Hacker Newsnew | past | comments | ask | show | jobs | submitlogin
One million lines of code ought to be enough for anybody (lwn.net)
111 points by chmaynard on Dec 18, 2019 | hide | past | favorite | 57 comments


> (no file system would need a path longer than 260 characters, right? :o) )

This is poking fun at Windows' PATH_MAX, but it's very easy to hit BINPRM_BUF_SIZE's 128 character path limit for #! lines; maybe not so much for humans, but with CI systems installing things in weird deep directories (e.g. virtualenvs ... see https://github.com/pypa/virtualenv/issues/596).

So the old adage about glass houses and stones is still good advice ;)


Nix developers ran into this very limit.

https://lwn.net/Articles/779997/


Unless they split the line without whitespace, that example is already non-portable because it's not well defined what happens to shebangs with more than one argument. IIRC linux merges all of them into a single argument, but other unixen do different things.


And people struggle to find examples of Linux bending over backwards for compatibility…


I didn't hit that until I am start using node.js...

Then the npm<3 install modules in a dawn nested way and actually cause problem.


In unix, there are lots of limits people eventually run into, then either hack to overcome, or go back and painfully rearchitect.

- max size of a command line

- max open files

- kernel stack size

etc...


I had to check to see if it was a repost of e.g. an April joke proposal or something like that.

Nope. One guy randomly wants to arbitrarily limit random Python things to 1000000, cite vague optimization potential advantages (in CPython, yeah, right...), and doesn't even want to detail the impact of said optims when further asked.

IMO this is just a waste of time for everybody and should be firmly rejected ASAP. Even just proposing to limit to 1M "source" lines is extremely naive and the sign of somebody without much real world experience: there are many cases when "source" code is not the actual source, and has orders of magnitude more lines.


I still don't understand why anyone would want this.
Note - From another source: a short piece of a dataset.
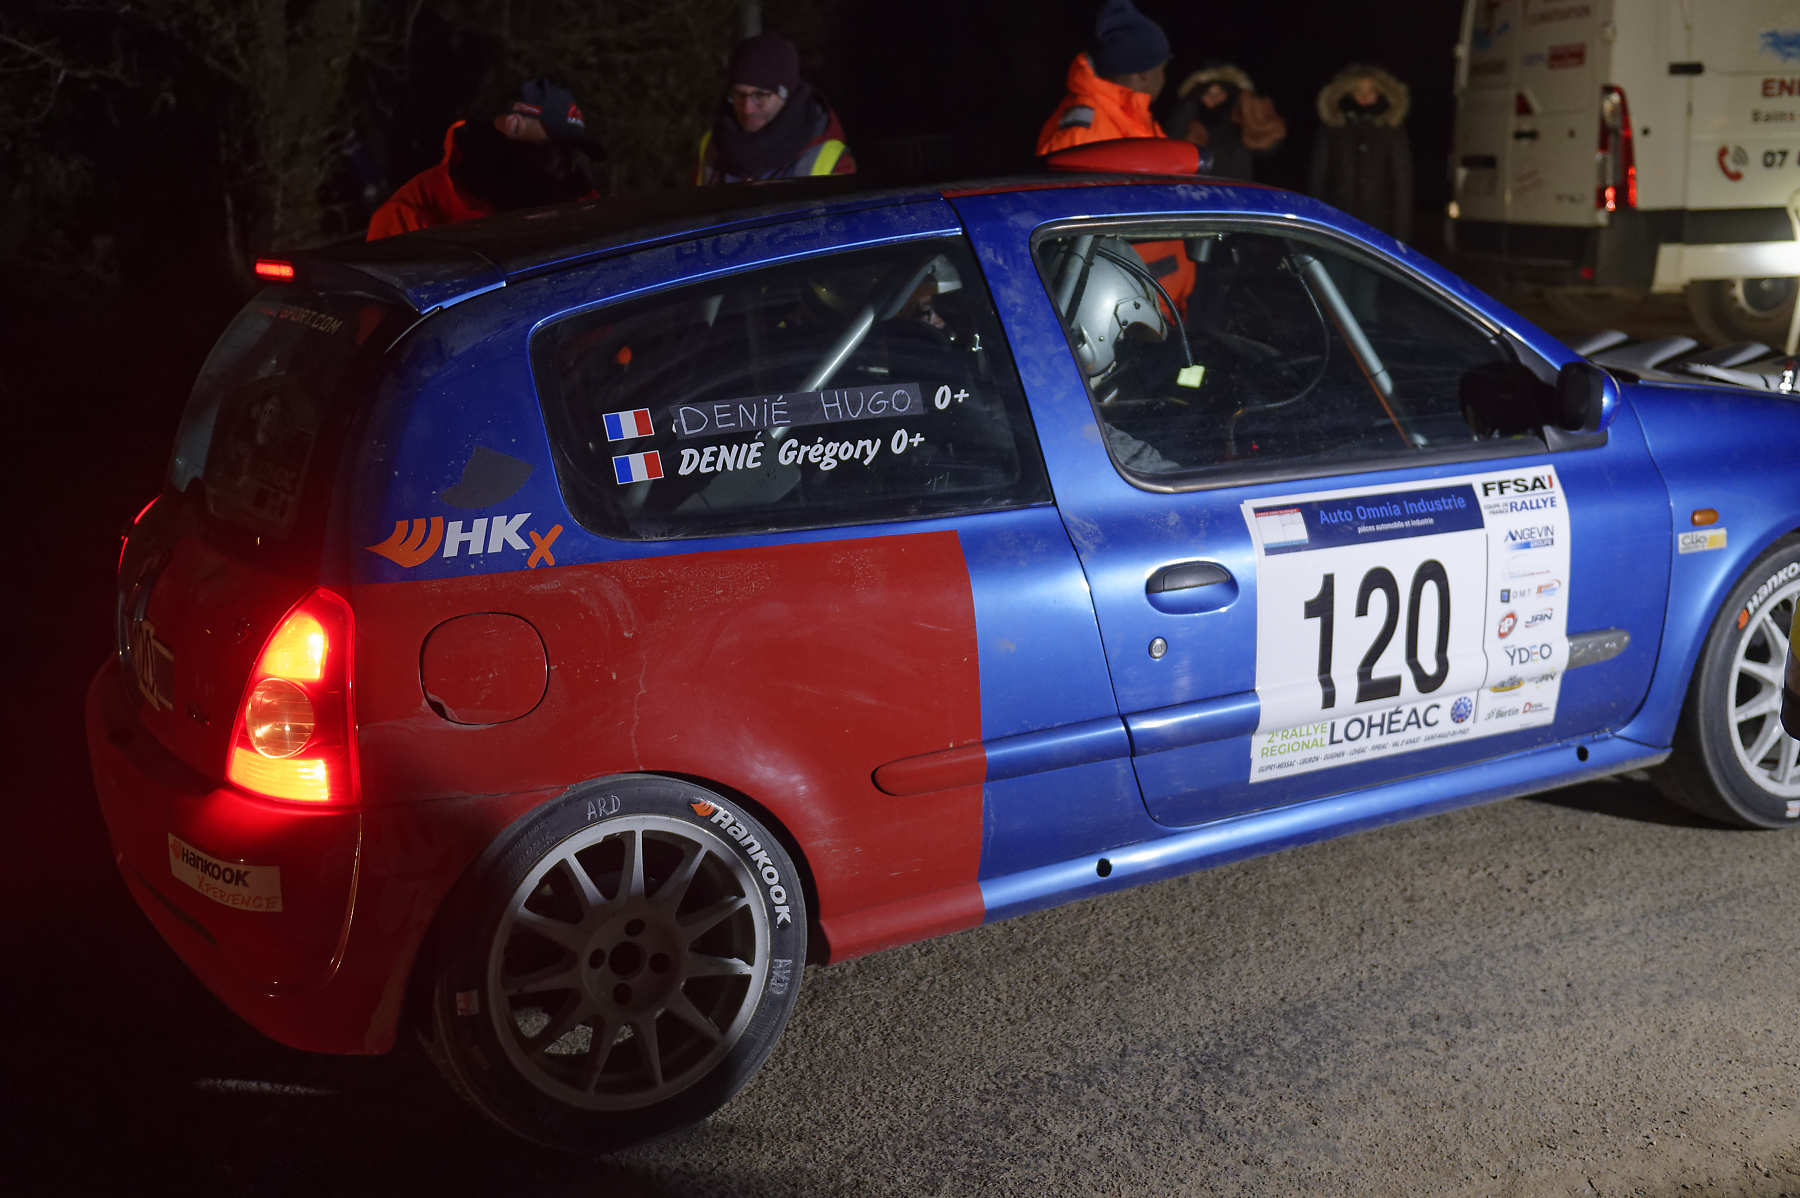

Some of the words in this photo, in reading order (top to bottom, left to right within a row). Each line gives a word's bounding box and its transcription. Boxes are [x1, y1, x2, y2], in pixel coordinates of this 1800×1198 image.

It seems pretty hostile to the users of Python without any real benefit. Maybe the benefit is the people who are pushing for the change get to smugly know that people won't do horrible things with the language. Maybe I don't get it, but... why?


It’s about having a complete specification so that the compiler and VM can be correct.

Correctness when you have arbitrarily long input gets complicated very easily. I was originally skeptical when reading, it seemed ridiculous and arbitrary, until I realized that’s what they were going for.


It is not. Python already doesn't have a spec, it has the CPython interpreter. This is repainting the facade while you still have a sump pump that isn't working.

There are a myriad of better ways to improve Python and this isn't it.


> Correctness when you have arbitrarily long input gets complicated very easily.

Indeed. Accepting arbitrary inputs frequently requires an arbitrary amount of resources. Even if there are no vulnerabilities to exploit, a denial of service attack may still be possible because processing untrusted input can result in massive memory allocations.

A concrete example I've recently dealt with:

https://github.com/multiformats/unsigned-varint/blob/master/...

These variable length integers may consume an unbounded amount of memory when decoded. I think it's wise to constrain this by default and let the caller increase or turn off the limits if they want:

  decode(buffer) # max=9, per spec
  decode(buffer, max=64)
  decode(buffer, max=math.inf)


From the article:

> Picking an arbitrary limit less than 232 is certainly safer for many reasons, and very unlikely to impact real usage. We already have some real limits well below 106 (such as if/else depth and recursion limits).

> A range of -1,000,000 to 1,000,000 could fit in 21 bits and that three of those values could be packed into a 64-bit word.

In theory this could bring security and performance benefits. In practice if you claim to be limited by MAX_UINT you're likely to encounter issues if you try to close to that limit without very careful coding around overflow.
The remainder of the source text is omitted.